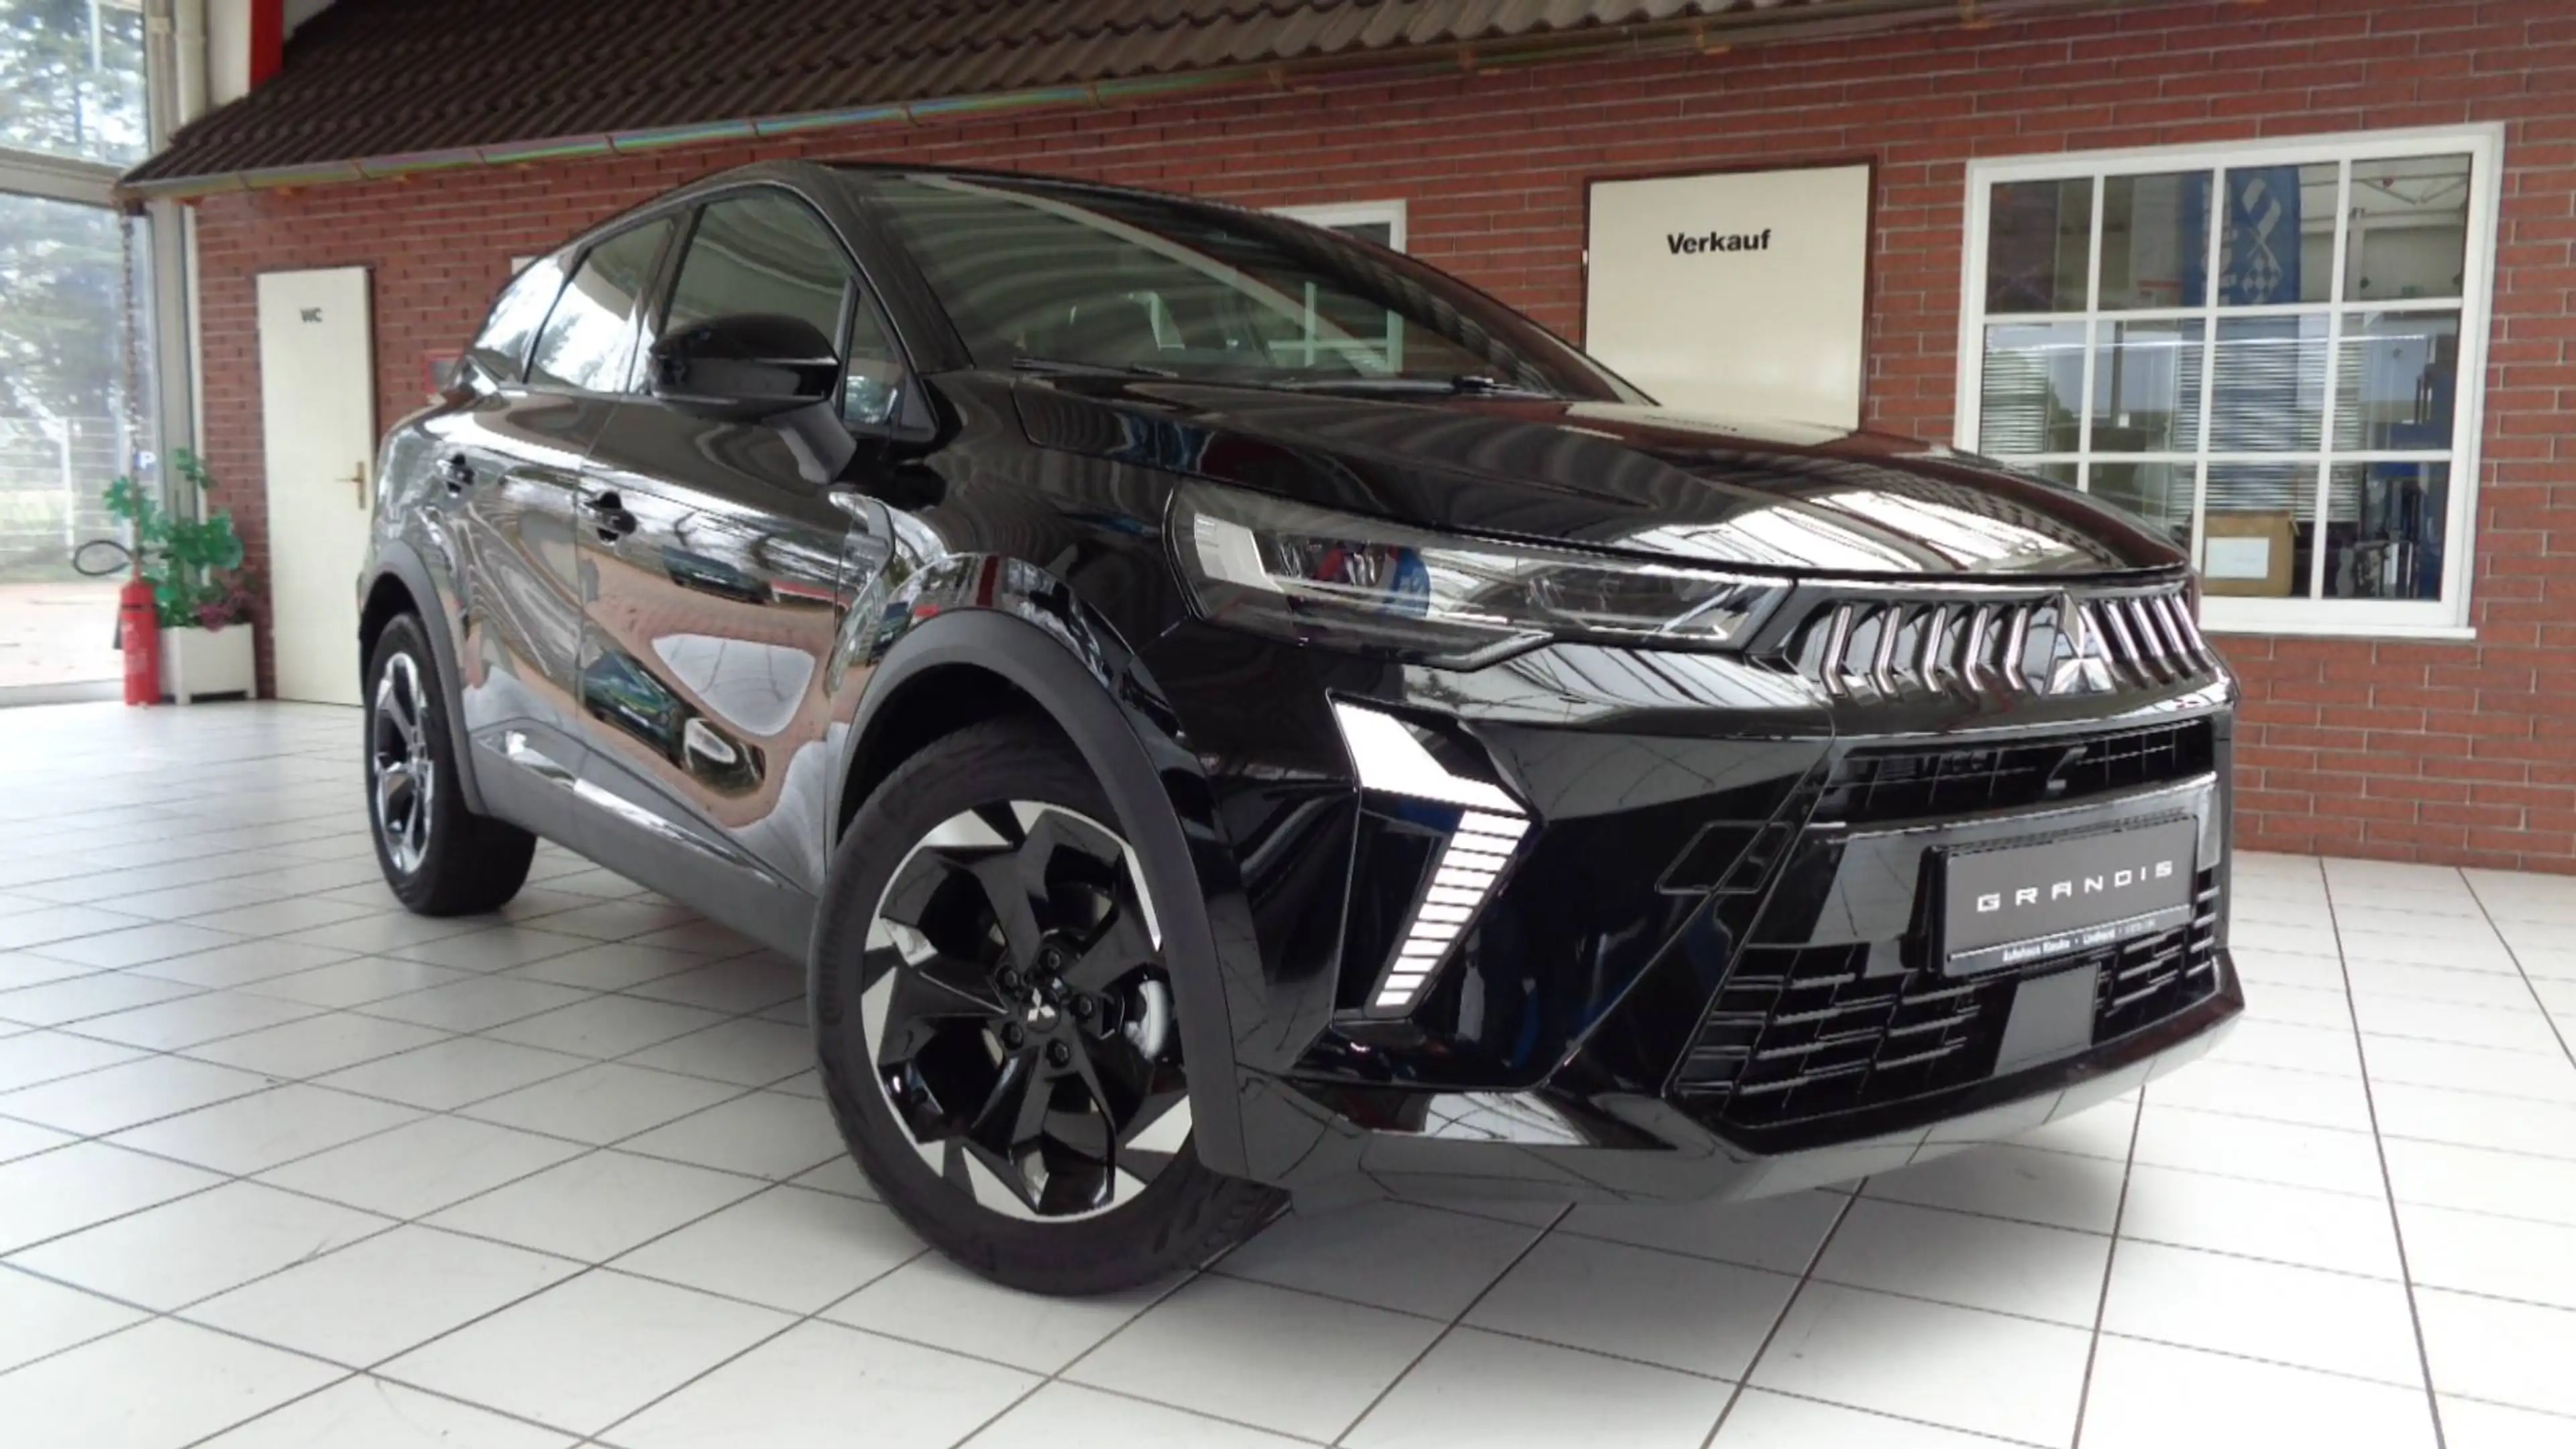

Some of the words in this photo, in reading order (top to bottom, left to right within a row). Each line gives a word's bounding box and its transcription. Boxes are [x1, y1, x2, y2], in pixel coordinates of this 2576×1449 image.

[1667, 229, 1772, 254] Verkauf
[300, 307, 323, 323] WC
[140, 451, 156, 470] P
[1976, 860, 2174, 913] GRANDIS
——
• [Your goal]:
Whenever a picture appears, leave it out, and return every record exactly.

• [Solved problem]:
Some of the words in this photo, in reading order (top to bottom, left to right within a row). Each line gives a word's bounding box and its transcription. Boxes are [x1, y1, x2, y2], in pixel coordinates of this 2576×1449 image.

[1667, 229, 1772, 254] Verkauf
[300, 307, 323, 323] WC
[140, 451, 156, 470] P
[1976, 860, 2174, 913] GRANDIS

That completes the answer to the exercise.